Okay, people, I am not a poet and I’m sure you know it… But sometimes cartoonists rhyme for no good raisin… and make bad puns too.  Today I will share with you a bit of versicular (verse+ick+ular) goofiness that I tend to call poetry.  I am putting some in my vault, here; Poetry in the Vault (Mickey’s House of Fiction)

Beauty

Sleeping Beauty (a Silly Poem of Love and Illusion)

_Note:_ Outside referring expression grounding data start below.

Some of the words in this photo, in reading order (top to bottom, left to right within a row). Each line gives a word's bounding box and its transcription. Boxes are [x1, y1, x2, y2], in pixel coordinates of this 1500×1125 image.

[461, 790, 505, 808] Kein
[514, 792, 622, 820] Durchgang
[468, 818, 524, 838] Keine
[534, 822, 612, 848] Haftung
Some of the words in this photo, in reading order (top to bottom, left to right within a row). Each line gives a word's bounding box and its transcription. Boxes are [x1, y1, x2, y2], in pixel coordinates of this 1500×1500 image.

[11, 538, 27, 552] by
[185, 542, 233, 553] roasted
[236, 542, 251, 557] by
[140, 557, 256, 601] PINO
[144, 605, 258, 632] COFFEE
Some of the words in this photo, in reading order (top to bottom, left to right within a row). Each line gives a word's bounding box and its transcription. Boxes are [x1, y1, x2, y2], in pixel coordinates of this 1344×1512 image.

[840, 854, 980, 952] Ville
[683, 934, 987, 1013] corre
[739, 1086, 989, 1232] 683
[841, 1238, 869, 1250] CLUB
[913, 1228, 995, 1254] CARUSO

In the dark and in the light

In candle flame and purple night

The beauty sleeps and fails to heed

The young man’s life of lust and need

What happens next is often sad

The want, the hope, the love so bad

And fluttering faery wings of light

Carry life and love and fuel the sight

With never a thought to what could be

If only love would call to thee

And wake the sleeper from her dream

To make the two but one to seem.

singers (800x600)

Hear the Music (a love poem)

The singer sings his song,

And wants the world to sing along,

Though the world has gone all wrong,

And the darkness stays too long.

The singer warms and croons,

Under bright romantic moons,

And carries hopeful tunes,

To the listening dolts and loons.

Can a song bring truth to light?

Can it help us win the fight?

Does it ease the world’s plight?

And set the wrongs aright?

Yes a song can save the world,

Though the truth must be unfurled,

And the listeners’ ears are twirled.

So the hurts will all be pearled.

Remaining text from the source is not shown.